[Saved data entries]
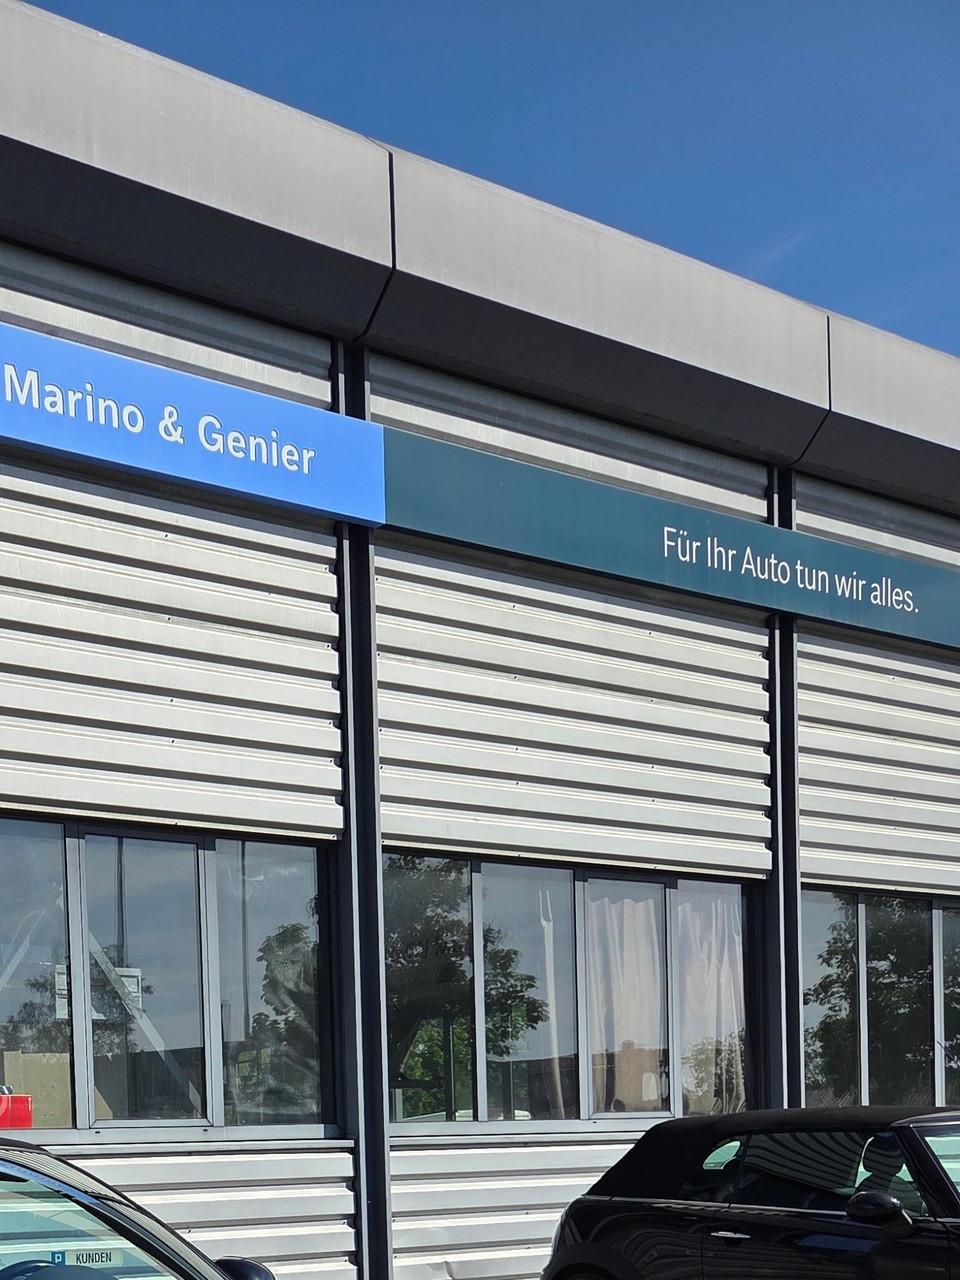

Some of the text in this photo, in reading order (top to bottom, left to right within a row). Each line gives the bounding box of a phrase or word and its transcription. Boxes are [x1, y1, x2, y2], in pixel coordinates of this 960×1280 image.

[3, 362, 144, 433] Marino
[158, 404, 185, 444] &
[197, 414, 316, 475] Genier
[663, 526, 919, 613] Für Ihr Auto tun wir alles.
[54, 1252, 112, 1264] P KUNDEN
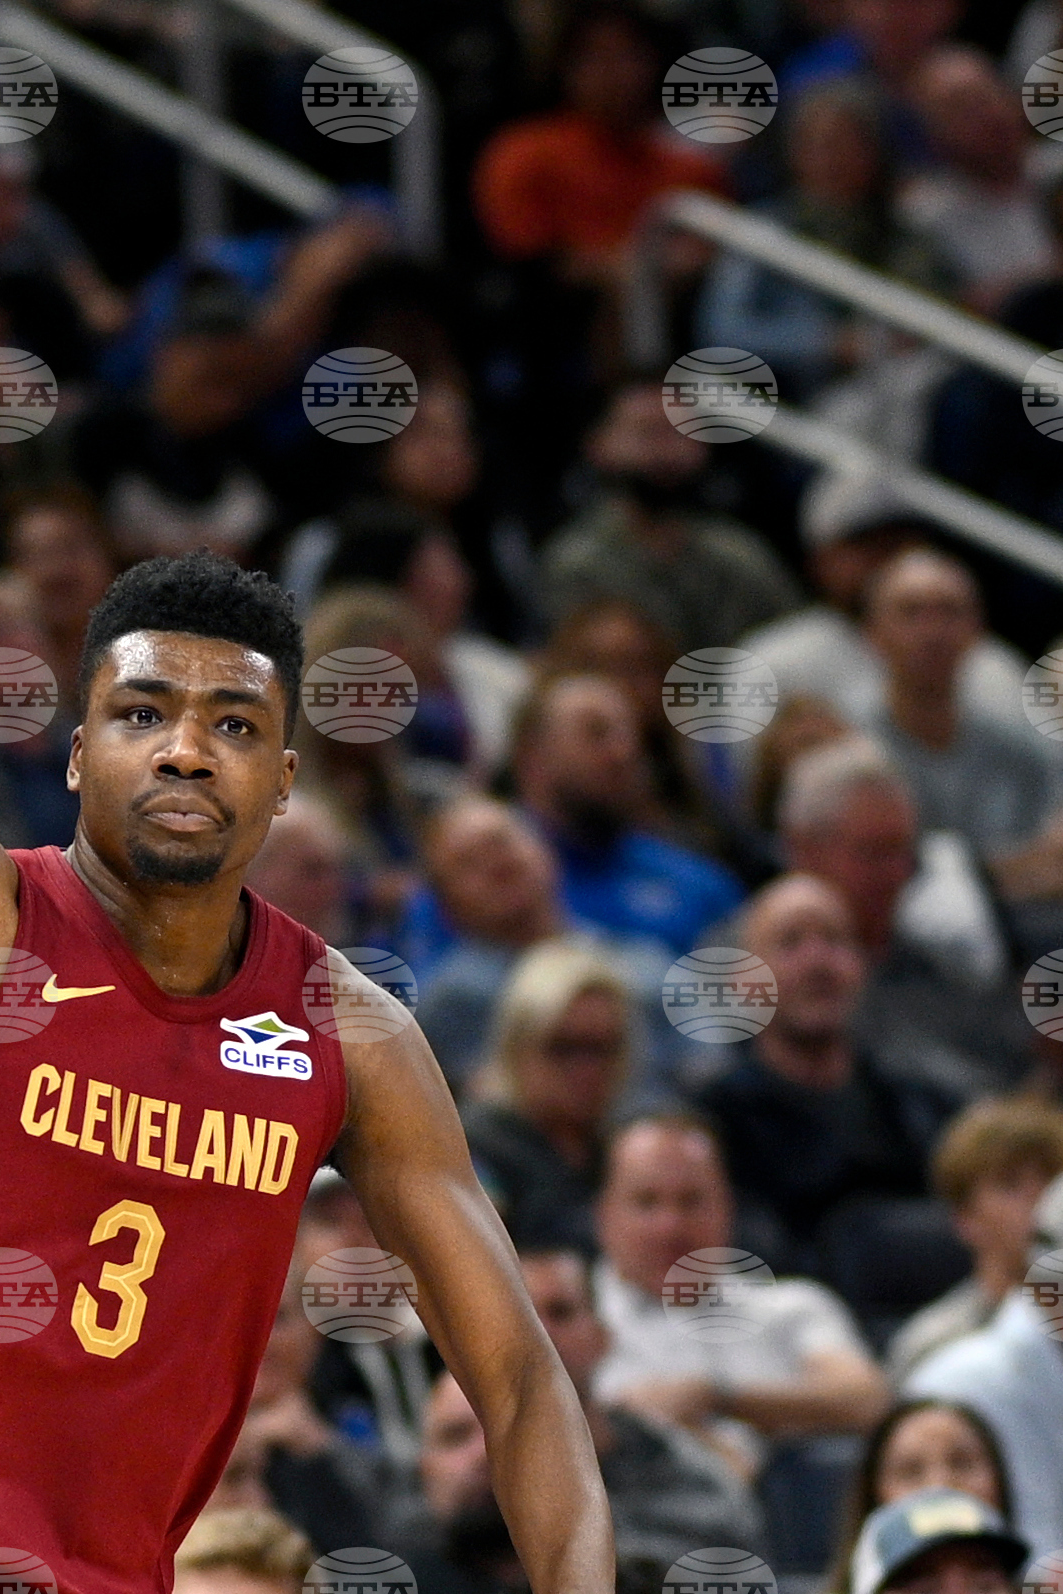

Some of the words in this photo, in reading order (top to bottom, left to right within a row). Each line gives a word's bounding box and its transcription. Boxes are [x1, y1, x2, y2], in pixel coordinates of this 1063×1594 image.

● WHAT TO PRODUCE
Return each entry above unchanged. Leave the pictures out.

● WRITTEN RESPONSE
Some of the text in this photo, in reading order (top to bottom, left to right within a row). Each line gives the bounding box of a phrase or word and its transcription. Boxes are [x1, y1, x2, y2], in pixel coordinates of this 960×1280 image.

[3, 362, 144, 433] Marino
[158, 404, 185, 444] &
[197, 414, 316, 475] Genier
[663, 526, 919, 613] Für Ihr Auto tun wir alles.
[54, 1252, 112, 1264] P KUNDEN

Some of the words in this photo, in reading order (top to bottom, left to right within a row). Each line gives a word's bounding box and its transcription. Boxes are [x1, y1, x2, y2], in pixel coordinates of this 1063×1594 image.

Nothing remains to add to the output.